Profits per partner strikes me as an ill-suited metric to evaluate FisherBroyles’ performance. All the lawyers are partners (the firm is populated chiefly by Big Law alums plus former in-house and government lawyers) and there are no billable hour requirements. You eat what you kill, whether it’s a mastodon or a mouse, and no one expects you to share.
The result is an enormous spread in compensation.
The firm’s top-paid partner in 2021 took home $6,742,540, according Pierson, who declined to identify the lawyer.
As for the lowest-paid? Final 2021 number-crunching isn’t complete, but for reference, in 2020 the lowest-paid partner made roughly 1,000 times less. If the ratio holds this year, that would be $6,700 (although 2020’s bottom earner is no longer with the firm).

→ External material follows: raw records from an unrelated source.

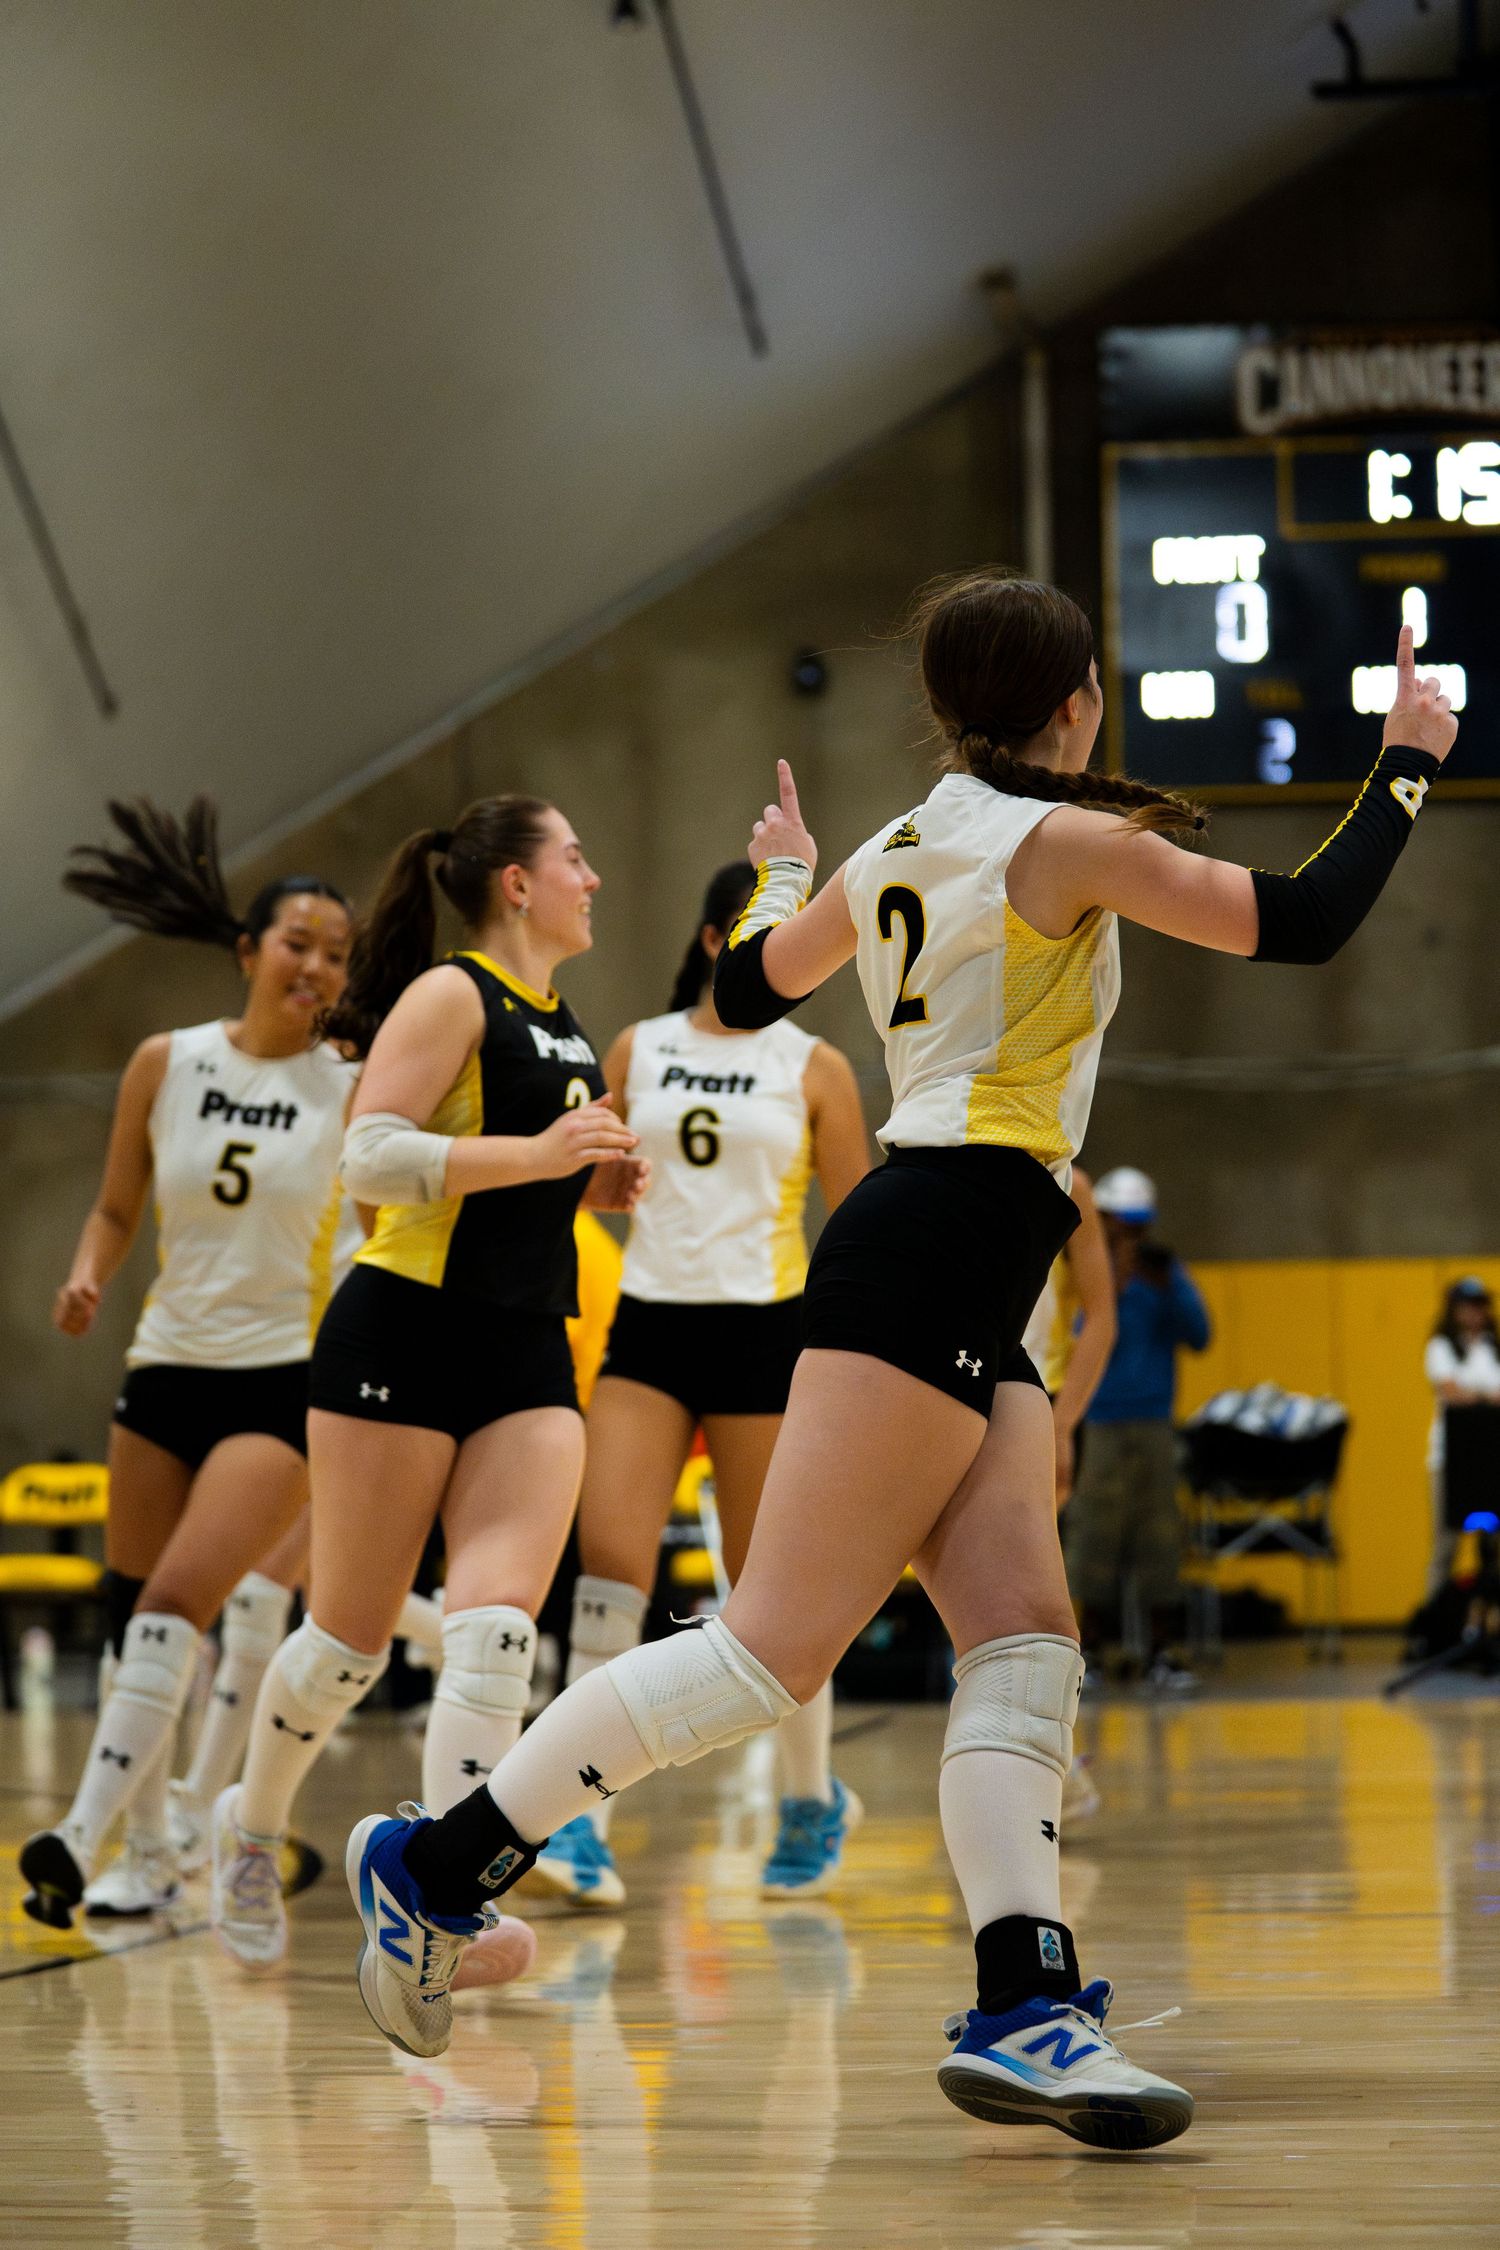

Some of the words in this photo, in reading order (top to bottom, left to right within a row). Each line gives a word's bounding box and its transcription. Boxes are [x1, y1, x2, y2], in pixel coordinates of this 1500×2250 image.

[1215, 581, 1270, 664] 0
[877, 881, 931, 1032] 2
[199, 1087, 299, 1131] Pratt
[660, 1064, 756, 1095] Pratt
[677, 1105, 721, 1169] 6
[211, 1140, 257, 1208] 5

This staggering pay gap is in part what makes the firm’s model so intriguing to me. Lawyers with tons of business who want to work like crazy can feast on big game. “If you’re a rainmaker, there’s no better firm on the planet,” Pierson said.
But what about those with smaller appetites – who are happy to work less and spend more time looking after their kids or snowboarding or organizing their stamp collection? That’s also an option.

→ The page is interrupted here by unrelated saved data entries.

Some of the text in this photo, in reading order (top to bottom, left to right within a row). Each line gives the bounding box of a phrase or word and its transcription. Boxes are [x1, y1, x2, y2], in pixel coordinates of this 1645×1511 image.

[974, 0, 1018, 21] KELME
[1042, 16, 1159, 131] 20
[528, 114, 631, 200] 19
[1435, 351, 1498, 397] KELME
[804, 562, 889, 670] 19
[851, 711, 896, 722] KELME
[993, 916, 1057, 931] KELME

“We’re not measuring performance in number of hours billed per year, but how much money you make from the hours you do bill,” co-founder Kevin Broyles told me.

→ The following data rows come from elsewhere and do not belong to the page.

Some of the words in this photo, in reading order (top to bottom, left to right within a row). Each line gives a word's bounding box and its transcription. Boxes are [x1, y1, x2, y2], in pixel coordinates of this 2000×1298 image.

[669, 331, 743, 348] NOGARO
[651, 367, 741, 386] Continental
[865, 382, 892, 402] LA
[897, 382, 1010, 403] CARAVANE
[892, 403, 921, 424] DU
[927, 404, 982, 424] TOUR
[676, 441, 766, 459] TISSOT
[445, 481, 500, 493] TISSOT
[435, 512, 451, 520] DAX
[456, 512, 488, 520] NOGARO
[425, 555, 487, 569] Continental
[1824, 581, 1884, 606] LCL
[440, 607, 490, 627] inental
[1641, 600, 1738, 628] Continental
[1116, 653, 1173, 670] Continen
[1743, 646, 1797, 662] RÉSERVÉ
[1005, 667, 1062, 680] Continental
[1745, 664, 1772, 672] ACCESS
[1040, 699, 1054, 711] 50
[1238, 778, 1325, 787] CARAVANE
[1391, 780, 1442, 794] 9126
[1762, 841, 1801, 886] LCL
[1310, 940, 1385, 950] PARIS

In many ways, the firm’s structure has enabled FisherBroyles to flourish during the pandemic.
As almost all Big Law firms switched to remote work, lawyers across the profession realized that there’s nothing “scary about working from home,” cofounder and managing partner James Fisher said. “We’re no longer an outlier.”
Legal consultant Lisa Smith of Fairfax Associates told me that she thinks the pandemic will accelerate the trend of distributed firms.
“The fact that the virtual model has worked well for lawyers and traditional law firms will certainly increase the interest from lawyers in joining a distributed model or beginning their own,” she said. “There will also be less concern about skepticism from clients about the viability of a virtual model since they have seen the ability of firms to adapt to that model.”
Besides its virtual-by-design model, a key feature at the firm is that it does not redistribute profits to other partners.
The firm covers expenses such as insurance, accounting, conflict checks, software, cybersecurity and marketing. “The general rule is that if it benefits the entire firm, it’s a firm expense,” Pierson said.
But partners don’t subsidize the expenses of other partners. If a lawyer or group of lawyers wants something that will benefit them exclusively – office space, for example, or an administrative assistant – they foot the bill.
At the same time, Pierson stresses that FisherBroyles is “not solo practitioners under one umbrella.”
The firm offers its partners a network of colleagues within the firm to tap for assistance with big cases or projects. The referring lawyer gets a 32% cut in exchange for generating the business.
Recent lateral hires include Dan McGuire, who was previously a shareholder at Polsinelli, Doug Banghart, a former partner at Jones Day, and Jan Joosten from Neogene Therapeutics, where he served as general counsel.
Partners also have regular Zoom meetings and gather each spring for a firm-wide retreat. This year, the plan is to get together in Nashville.
Lawyers set their own billing rates (though there’s a minimum floor, which the firm declined to specify) and are free to take cases on contingency or use alternative fee structures. Pierson says hourly rates are often two-thirds what a traditional law firm would charge. “We remove the real estate cost from the price,” he said.
Notable engagements in 2021 include representing Ericsson against Samsung Electronics Co in multiple suits at the International Trade Commission and commerce services company PFSweb Inc in a $250 million carve-out sale of its LiveArea business unit to Merkle Inc.
Looking ahead to 2022, Fisher said, “As working from home continues to be accepted in the marketplace, we expect more and more growth.”